I’ve been playing video games for as long as I’ve had access to devices that would let me play videogames, from begging my parents for quarters to our first home computer in 1983 to my computer, phone, and console today. Next to reading, it’s probably the biggest way I relax. I try new games regularly. Sometimes they hold my interest for a while and sometimes they’re gone quick.
There’s a lot to be said for a shooter or an action game or a puzzle game or a platformer or… well, I enjoy a lot of different kinds of games, but I particularly like games that have a lot going on. There are things to explore, things to build, things to do, and it takes a long time to figure out what all of them are and then a lot longer before things start to drag or get boring.
When I finally got around to trying Star Trek: Fleet Command, it seemed like it was placed directly in my wheelhouse. There are things to explore, things to build, missions to run, and a lot of things builds on each other or on previous things. And it has a Star Trek theme.
It also has the seeds of what will eventually drive me away from the game built right in. PVP combat. I hate player versus player stuff in games. I’m not competitive and don’t really want to play with people who are. I just want to kick back, run the missions, and build stuff.
But PVP is not just built into the game, it appears to be encouraged and rewarded. Find someone at an earlier stage of the game than you are, blow up their ship and take their stuff. Or get together with a group of likeminded jerks and take on someone you couldn’t on your own. It’s quicker and easier than mining and developing stuff yourself. Probably, you can do the same with their base. Yes, you can run repairs, but it becomes lost time that you could have spent building and exploring. A ship might only take a few minutes early on, but the base might take hours and your resources have been plundered in the meantime. Yes, there are ways built into the game to protect your stuff while you’re not online, but that takes time, energy, and resources, too.
It could be worse, but I don’t see why it needs to be a thing at all. Preying on weaker characters isn’t something that should be encouraged, much less catered to. It doesn’t feel likely to me that more people want it that way than don’t. The jackals annoy everyone but not everyone is a jackal, and it seems like it would be easy enough to not build the jackal-encouraging behaviour into things in the first place.
I’m honestly getting fed up with multiplayer games and the reason is simple: people ruin them for me. In the case of Fleet Command, the game play is fun, but it’s getting spoiled for me by the small collection of idiots who thinks it’s fun or funny to wreck other people’s stuff. It doesn’t have to be part of the game. Given the option, I don’t do PVP. Not given the option, I don’t play.

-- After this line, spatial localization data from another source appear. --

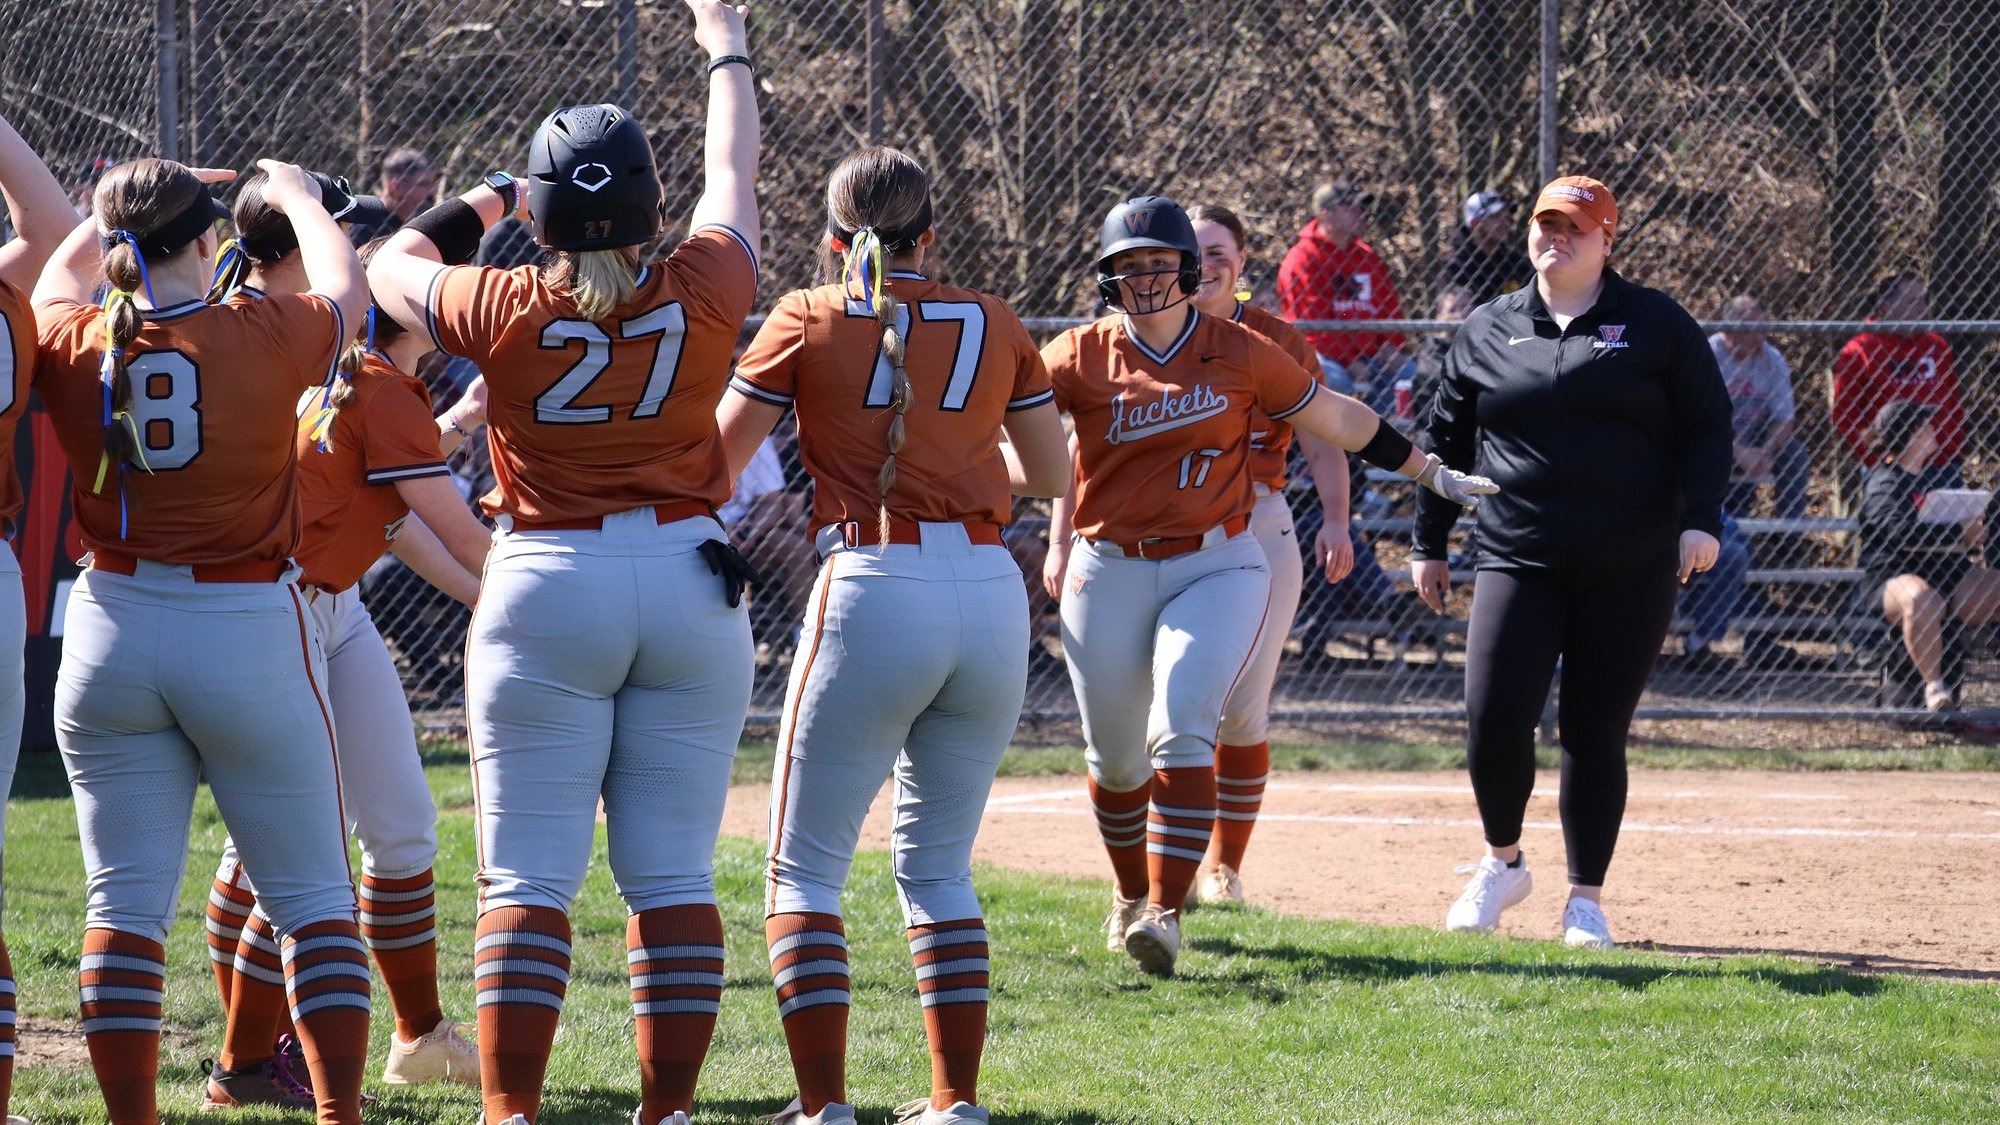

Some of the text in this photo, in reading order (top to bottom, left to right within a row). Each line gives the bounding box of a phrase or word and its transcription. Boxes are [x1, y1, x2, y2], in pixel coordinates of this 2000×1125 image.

[584, 220, 612, 239] 27
[1122, 209, 1156, 236] W
[844, 297, 988, 413] 77
[1599, 324, 1626, 343] W
[533, 299, 689, 426] 27
[124, 347, 204, 473] 8
[1104, 384, 1229, 446] Jackets
[1177, 448, 1224, 491] 17

So to forestall those idiots ruining the game for me completely, I’ve moved my base to an out of the way system with little in the way of resources but that leaves me access to those resources when I need them. I’ll move it to a different out of the way system every few days in case someone stumbles across me and decides I have an anthill they want to kick over.

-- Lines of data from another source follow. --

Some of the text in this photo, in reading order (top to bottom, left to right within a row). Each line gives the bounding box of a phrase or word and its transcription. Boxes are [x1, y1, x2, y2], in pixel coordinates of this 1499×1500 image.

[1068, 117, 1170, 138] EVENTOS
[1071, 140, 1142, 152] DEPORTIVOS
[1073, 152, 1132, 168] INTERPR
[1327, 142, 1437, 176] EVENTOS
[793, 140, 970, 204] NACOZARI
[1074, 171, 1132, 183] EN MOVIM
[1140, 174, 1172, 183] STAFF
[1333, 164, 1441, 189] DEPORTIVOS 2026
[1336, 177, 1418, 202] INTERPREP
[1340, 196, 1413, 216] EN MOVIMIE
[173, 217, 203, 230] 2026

Hopefully, this won’t turn into a love-hate relationship with the game. I don’t have a lot of hope for that, but I’ll play for as long as the fun outweighs the irritation.
Be well, everyone.










2 Comments
Klawrenc
First of all, it is not PVP. PVP is when both players have a chance to respond, and the skill of both players have at least some effect on the outcome.
This Game’s PVP is just like the PVE, exept you earn more rewards from Ganking a player. There is no more risk, just more rewards than a PVE.
I like the game, but if i get ganked by a Strength 20,000 against my 5,000 point ship, I will quit.
Then again, there is little to no skill involved in this game anyway. just keep clicking. .
Lance
However you want to define PVP, what’s built into the game is the opportunity to make life harder for another player and that doesn’t interest me. I’m there to see what creativity the designers have built into things, especially for the microstories masquerading as in-game missions.
I’d argue there is skill involved in the game, but you’re right that it certainly isn’t about the moment-to-moment clicking as you move from system to system or wait for the RNG to determine the ultimate results of each 5-second combat. Instead, it’s in figuring things out and planning the most effective ways to meet the goals you want. Build bigger buildings, cooler ships, collect the possible officers, and improve all of those things as you go. And for me, enjoy the storytelling. Right now, it’s still fun. As long as that’s still the case, I’ll keep playing.
Hope all is well.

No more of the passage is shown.